Los Oscar del debate

Está claro que en el próximo debate de la investidura de Pedro Sánchez a Mariano Rajoy le gustaría ser el intérprete de ‘El Renacido’, confiando en sus habilidades parlamentarias pero con el lastre de la corrupción del PP a sus espaldas como probablemente se lo recordarán Sánchez e Iglesias. Rajoy aspira pues al Oscar a los efectos especiales y se lanzará contra Sánchez acusándole de temerario en una investidura que no va a conquistar.

Y vamos a ver que dice Sánchez como nominado al mejor guión porque sobre el papel es el candidato a la investidura pero no parece que vaya a lograr ese galardón, aunque pretenderá presentarse como el hombre del centro izquierda. Pero desde luego que olvide del premio al mejor actor porque el candidato a la mejor interpretación parlamentaria es Pablo Iglesias, que se estrena en esos lares y vicisitudes porque Albert Rivera actuó en el circo catalán aunque en esta ocasión le toca lucirse en el patio de los leones.

Visto que Rivera va de acompañante de Sánchez en la investidura lo suyo es aspirar al Oscar al mejor actor de reparto. Lo que el catalán va a intentar conseguir con su discurso buenista de político componedor y moderado que está intentando que se forme gobierno y se eviten unas nuevas elecciones a las que en principio les temen todos.

Otro que aspira a llevarse un premio, en su particular lucha por liderar la izquierda, es Alberto Garzón desde IU pero sus dos diputados no le van a permitir disfrutar del tiempo suficiente para su lucimiento. Y a partir de ahí actuarán el resto de minorías y los independentistas de ERC y DiL que ya sabemos lo que van a decir.

Sin embargo la incógnita del debate estará en la actuación de Sánchez porque si no controla su agresividad y además de liarse a palos con Rajoy la toma con Iglesias entonces el espectáculo estará servido. Y a partir de ese momento las relaciones entre el PSOE y Podemos se van a deteriorar mucho más de lo que ya lo están.

No en vano Sánchez no solo se juega la investidura sino también tiene en juego su liderazgo.
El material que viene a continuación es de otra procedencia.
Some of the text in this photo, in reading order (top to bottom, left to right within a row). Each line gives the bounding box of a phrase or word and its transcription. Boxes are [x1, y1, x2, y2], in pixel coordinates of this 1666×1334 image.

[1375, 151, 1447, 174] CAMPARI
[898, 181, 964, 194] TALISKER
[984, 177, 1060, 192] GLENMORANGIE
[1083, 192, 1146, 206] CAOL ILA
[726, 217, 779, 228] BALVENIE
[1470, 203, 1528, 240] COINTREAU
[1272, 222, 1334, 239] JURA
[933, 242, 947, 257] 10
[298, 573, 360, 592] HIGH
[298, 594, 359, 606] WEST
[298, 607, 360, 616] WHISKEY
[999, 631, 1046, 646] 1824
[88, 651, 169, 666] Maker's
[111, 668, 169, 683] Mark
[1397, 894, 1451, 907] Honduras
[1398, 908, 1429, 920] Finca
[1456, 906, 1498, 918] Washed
Y aunque desde Podemos Errejón no para de decirle a Sánchez que cuando fracase la investidura debe abrir otras nuevas negociaciones con Podemos y sin Ciudadanos, lo cierto es que eso es al día de hoy muy difícil por dos motivos: porque la vieja guardia socialista no quieren el pacto con Podemos y porque los militantes del partido han votado a favor del pacto con Ciudadanos y ahora no están en condiciones de votar contra de lo que acaban de aprobar en el pacto con Ciudadanos, en esa consulta de la que tanto ha alardeado Luena por lo que difícilmente el PSOE se puede desdecir de su pacto con Rivera.
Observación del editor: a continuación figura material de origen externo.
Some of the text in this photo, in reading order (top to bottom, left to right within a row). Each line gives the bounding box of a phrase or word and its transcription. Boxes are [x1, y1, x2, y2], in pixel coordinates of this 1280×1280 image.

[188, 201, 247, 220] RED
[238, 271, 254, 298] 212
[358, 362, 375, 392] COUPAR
De ahí que el debate de investidura va a estar dedicado a dos cosas: por una parte a defender y atacar la investidura de Sánchez y su pacto con Rivera; y por otra parte a preparar el terreno el día después, lo que sin duda incluye contradicciones en los discursos porque algunos de los oradores deberán a la vez atacar y defender. Nadar y guardar la ropa.

Desde luego la estrella indiscutible del debate que concentrará todo el interés de los medios y los analistas será Pablo Iglesias y vamos a ver si no aparece Bescansa con el bebé. En realidad y aunque ya intervino en el Parlamento Europeo este será su estreno en el ruedo nacional.